Promoting AI Equity in Science: Generalized Domain Prompt Learning for Accessible VLM Research
Qinglong Cao, Yuntian Chen, Lu Lu, Hao Sun, Zhenzhong Zeng, Xiaokang Yang, Dongxiao Zhang
TL;DR
GDPL introduces Generalized Domain Prompt Learning to bridge the gap between powerful natural-domain VLMs and domain-specific research. By leveraging domain-specific foundation models, quaternion networks, and cross-modal low-rank adaptation, it propagates domain knowledge into both language and vision streams to create domain-aware VLMs with minimal data. Extensive experiments across remote sensing, medical imaging, geology, SAR, and fluid dynamics demonstrate consistent improvements over natural-domain prompt baselines and show robust cross-dataset and category-generalization gains. The framework promotes sustainable, equitable VLM research in academia by enabling effective domain transfer with limited resources and data.
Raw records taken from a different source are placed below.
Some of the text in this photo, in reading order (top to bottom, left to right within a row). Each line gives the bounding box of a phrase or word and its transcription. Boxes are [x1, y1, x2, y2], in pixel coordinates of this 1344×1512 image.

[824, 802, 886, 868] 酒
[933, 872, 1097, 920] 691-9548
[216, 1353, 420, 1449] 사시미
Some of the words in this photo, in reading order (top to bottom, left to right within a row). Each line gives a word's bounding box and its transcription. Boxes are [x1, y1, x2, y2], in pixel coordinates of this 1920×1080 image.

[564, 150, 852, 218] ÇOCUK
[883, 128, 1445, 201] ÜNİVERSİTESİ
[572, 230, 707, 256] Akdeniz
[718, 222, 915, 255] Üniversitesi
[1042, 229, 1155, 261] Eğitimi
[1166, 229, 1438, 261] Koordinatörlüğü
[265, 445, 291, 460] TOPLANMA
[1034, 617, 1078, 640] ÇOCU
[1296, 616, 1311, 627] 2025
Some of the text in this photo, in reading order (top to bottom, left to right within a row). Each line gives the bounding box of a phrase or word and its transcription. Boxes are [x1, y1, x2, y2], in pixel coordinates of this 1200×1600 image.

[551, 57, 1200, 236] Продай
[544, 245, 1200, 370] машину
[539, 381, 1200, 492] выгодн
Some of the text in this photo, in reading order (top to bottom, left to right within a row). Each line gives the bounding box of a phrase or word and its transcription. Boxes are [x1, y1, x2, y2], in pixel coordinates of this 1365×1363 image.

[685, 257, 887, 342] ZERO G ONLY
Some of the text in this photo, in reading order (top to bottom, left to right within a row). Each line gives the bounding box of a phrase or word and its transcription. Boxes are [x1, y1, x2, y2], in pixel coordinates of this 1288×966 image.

The approach has practical implications for accelerating domain-specific AI research while preserving vision-language alignment.
Abstract
Large-scale Vision-Language Models (VLMs) have demonstrated exceptional performance in natural vision tasks, motivating researchers across domains to explore domain-specific VLMs. However, the construction of powerful domain-specific VLMs demands vast amounts of annotated data, substantial electrical energy, and computing resources, primarily accessible to industry, yet hindering VLM research in academia. To address this challenge and foster sustainable and equitable VLM research, we present the Generalized Domain Prompt Learning (GDPL) framework. GDPL facilitates the transfer of VLMs' robust recognition capabilities from natural vision to specialized domains, without the need for extensive data or resources. By leveraging small-scale domain-specific foundation models and minimal prompt samples, GDPL empowers the language branch with domain knowledge through quaternion networks, uncovering cross-modal relationships between domain-specific vision features and natural vision-based contextual embeddings. Simultaneously, GDPL guides the vision branch into specific domains through hierarchical propagation of generated vision prompt features, grounded in well-matched vision-language relations. Furthermore, to fully harness the domain adaptation potential of VLMs, we introduce a novel low-rank adaptation approach. Extensive experiments across diverse domains like remote sensing, medical imaging, geology, Synthetic Aperture Radar, and fluid dynamics, validate the efficacy of GDPL, demonstrating its ability to achieve state-of-the-art domain recognition performance in a prompt learning paradigm. Our framework paves the way for sustainable and inclusive VLM research, transcending the barriers between academia and industry.